A window’s overall performance is largely determined by the glazing, but the frames represent 10–30% of the total window area, and the frame materials play a significant role in performance. When choosing new windows, consider the thermal, maintenance, aesthetic, cost, and other qualities of the window frames. U-values of various frames are shown in the table below.

Window Frame U-Values

Frame Type

U-Value

Insulated fiberglass, insulated vinyl

0.2–0.4

Wood, vinyl

0.3–0.5

Aluminum-clad wood, reinforced vinyl

0.4–0.6

Aluminum with thermal break

0.8–1.3

Aluminum without thermal break

1.7–2.4


Aluminum

Light weight, durability, and low maintenance made aluminum window frames popular from just after World War II through the mid-1980s. But thermal performance was poor, and aluminum frames were later eclipsed by wood and vinyl. Modern aluminum window frames perform better, thanks to a thermal break; the frame consists of two pieces, joined by a less conductive material, such as plastic. Even with a thermal break, however, aluminum frames don’t meet current energy codes in very cold climate zones.

Wood

Wood frames have long been favored for their aesthetic appeal and good insulating properties. Wood is less durable than other materials, but with regular paint and maintenance, a wood window frame can last a long time. Wood is considered a high-end choice, because competing products tend to cost less.
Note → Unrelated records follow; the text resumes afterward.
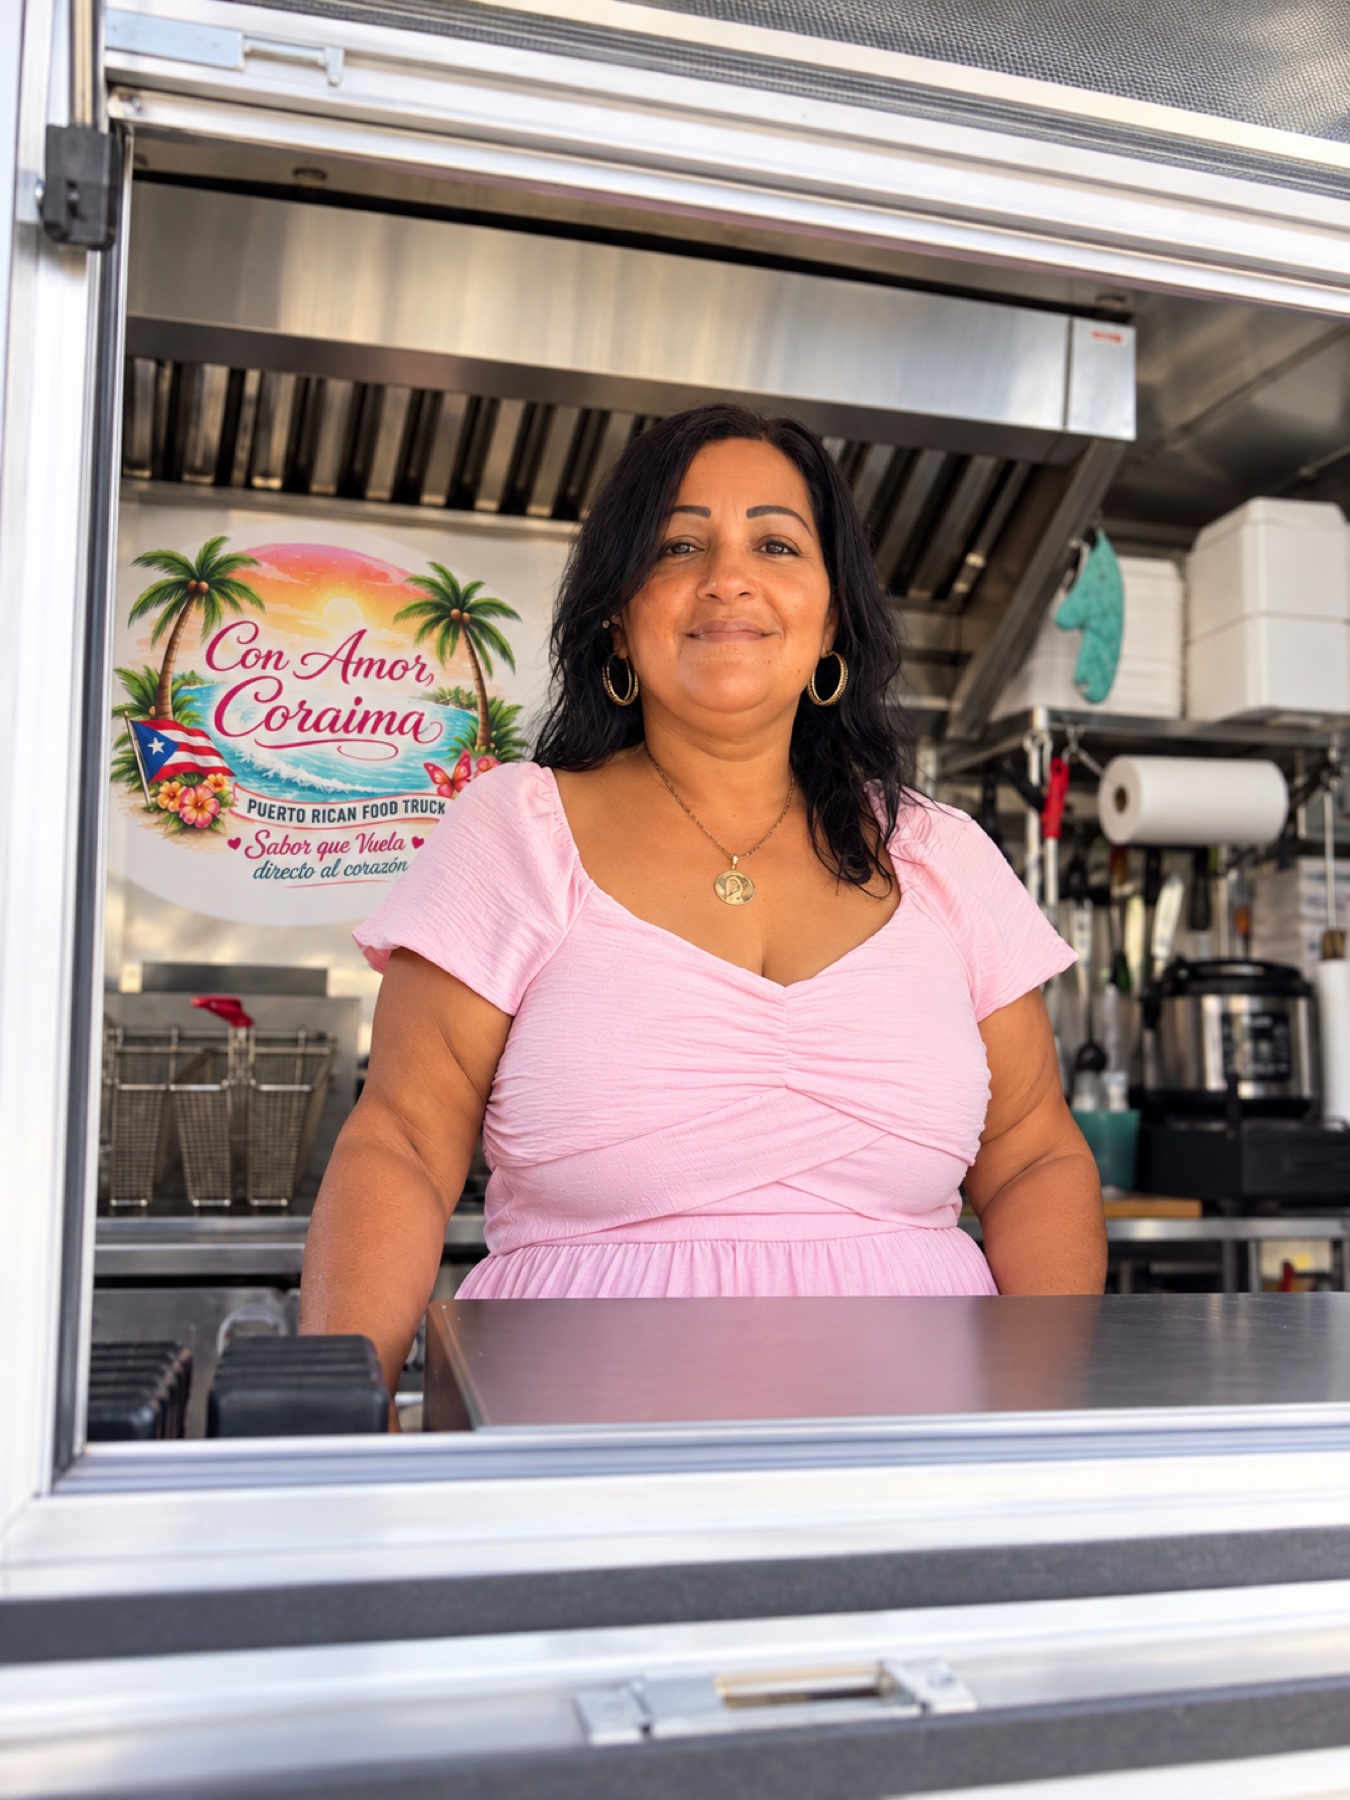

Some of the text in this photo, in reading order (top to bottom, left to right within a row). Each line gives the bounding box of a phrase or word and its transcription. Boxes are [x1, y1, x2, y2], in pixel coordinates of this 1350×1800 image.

[205, 620, 435, 686] Con Amor,
[214, 675, 443, 744] Coraima
[247, 799, 446, 823] PUERTO RICAN FOOD TRUCK
[244, 829, 405, 862] Sabor que Vuela
[252, 857, 409, 880] directo al corazón
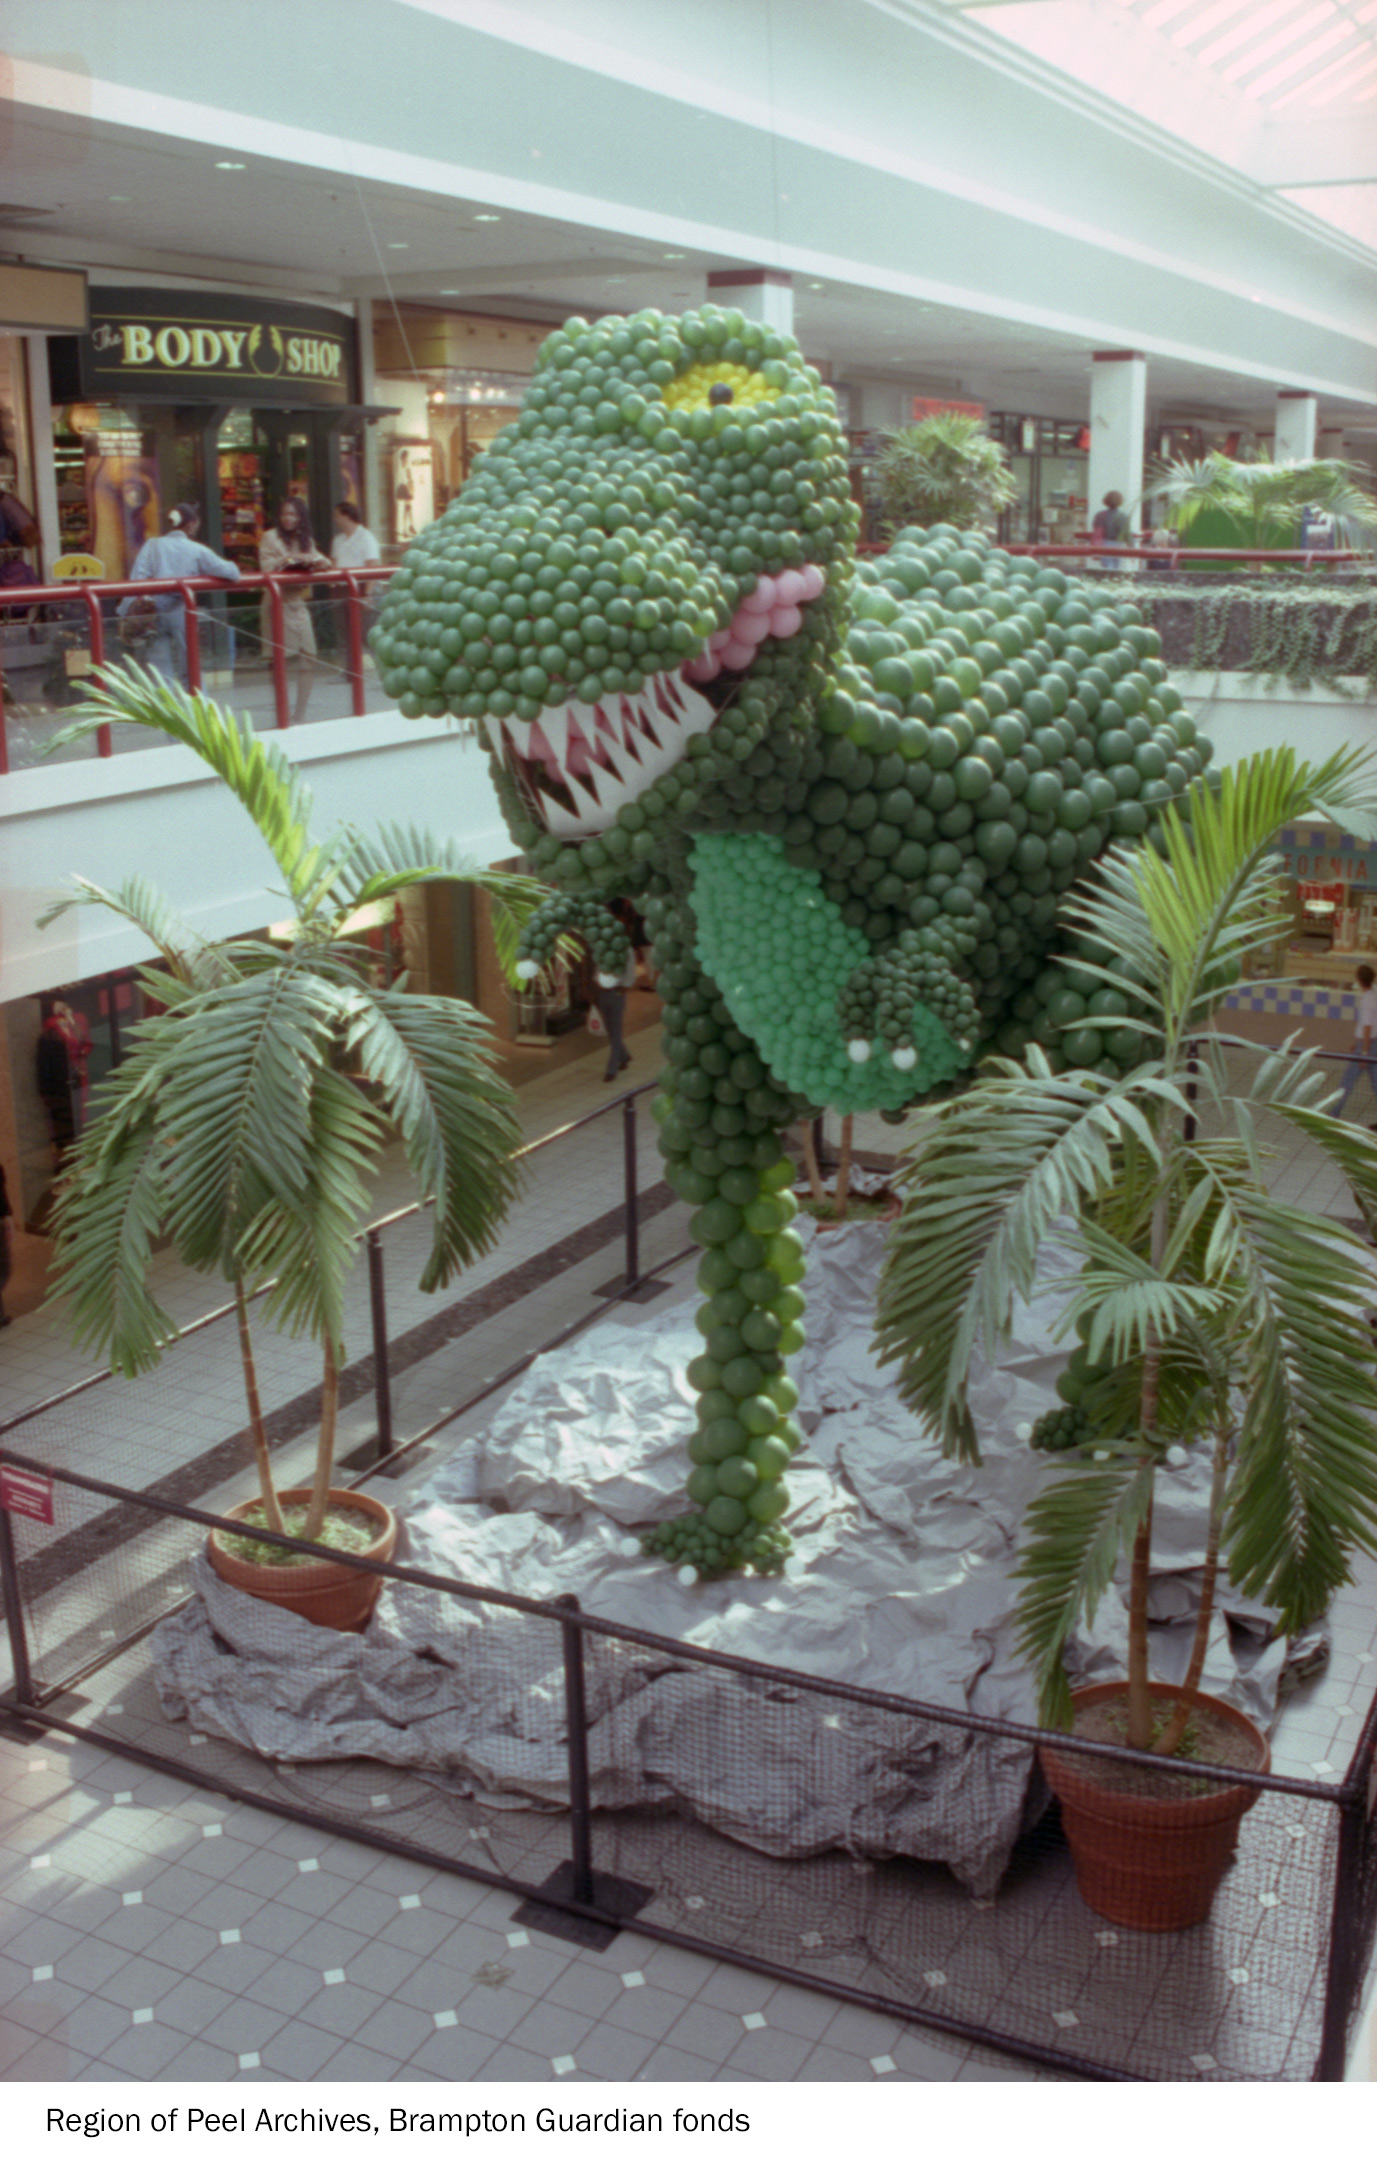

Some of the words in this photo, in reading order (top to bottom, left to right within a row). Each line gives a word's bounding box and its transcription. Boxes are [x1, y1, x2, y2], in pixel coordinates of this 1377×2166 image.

[92, 324, 122, 351] The
[120, 325, 247, 368] BODY
[287, 337, 341, 377] SHOP
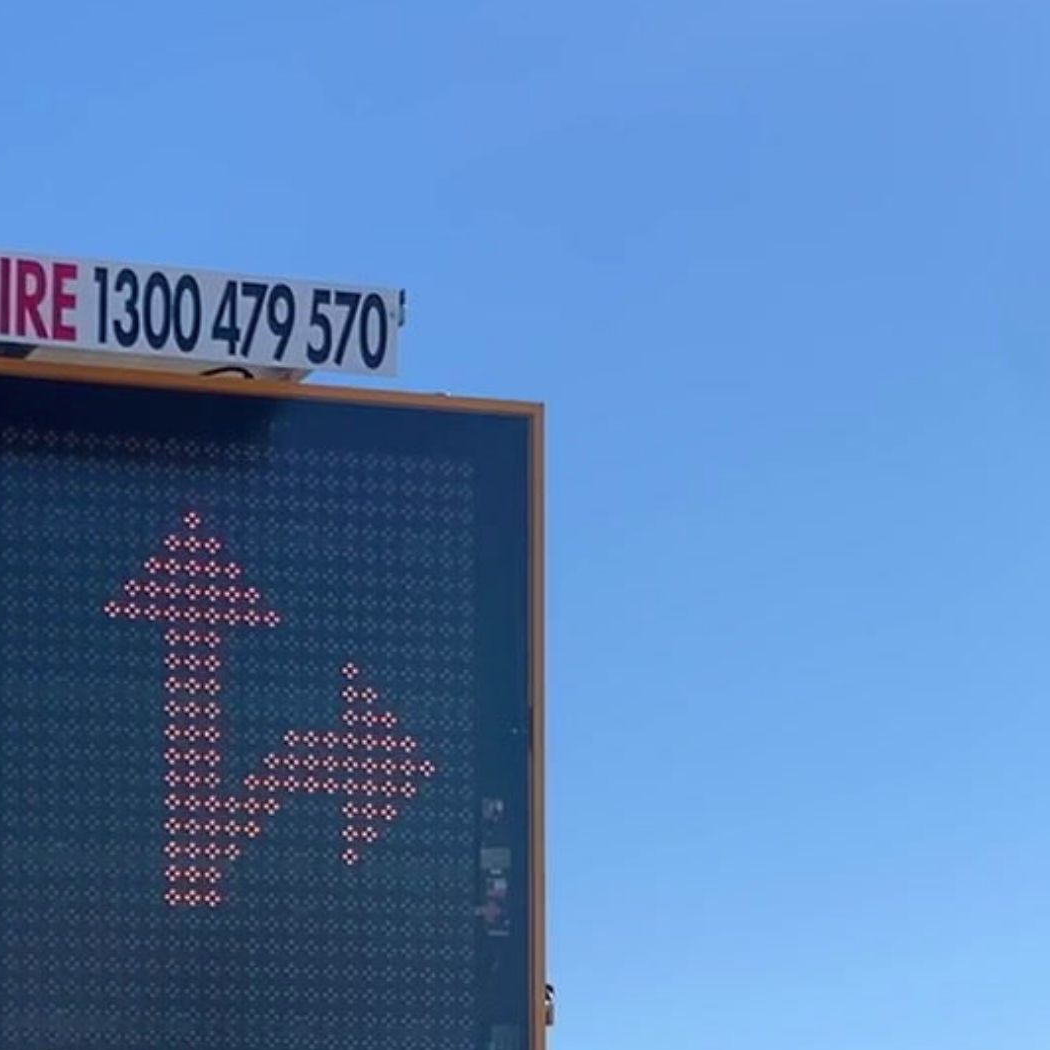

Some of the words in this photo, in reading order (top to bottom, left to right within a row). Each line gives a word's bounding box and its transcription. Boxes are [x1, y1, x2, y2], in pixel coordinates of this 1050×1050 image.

In recent decades, vinyl, enameled metal, or aluminum cladding have been added to the exterior of wood windows to improve their weather resistance.

Vinyl

Vinyl frames have good insulating value; require little maintenance; and are resistant to impact, abrasion, corrosion, air pollutants, and termites. Vinyl frames are more stable and durable nowadays than they once were, but vinyl still expands and contracts with temperature changes more than wood or aluminum does; look for heat-welded joints and/or interior webs (rather than mechanically joined frames) for stress resistance. Insulated vinyl frames offer even greater thermal resistance and are typically used with high-performance glazing.

New Materials

Several recent developments have further expanded the choice of window frame materials:

  • Extruded composite frames, which incorporate reclaimed sawdust and wood scrap in a polymer binder, are stable and more durable than wood alone.
  • Fiberglass frames are dimensionally stable and have good insulating value. They are more expensive than vinyl, but less expensive than wood.
  • Engineered thermoplastics have some structural advantages over vinyl, but they are more expensive and haven’t captured much of the market.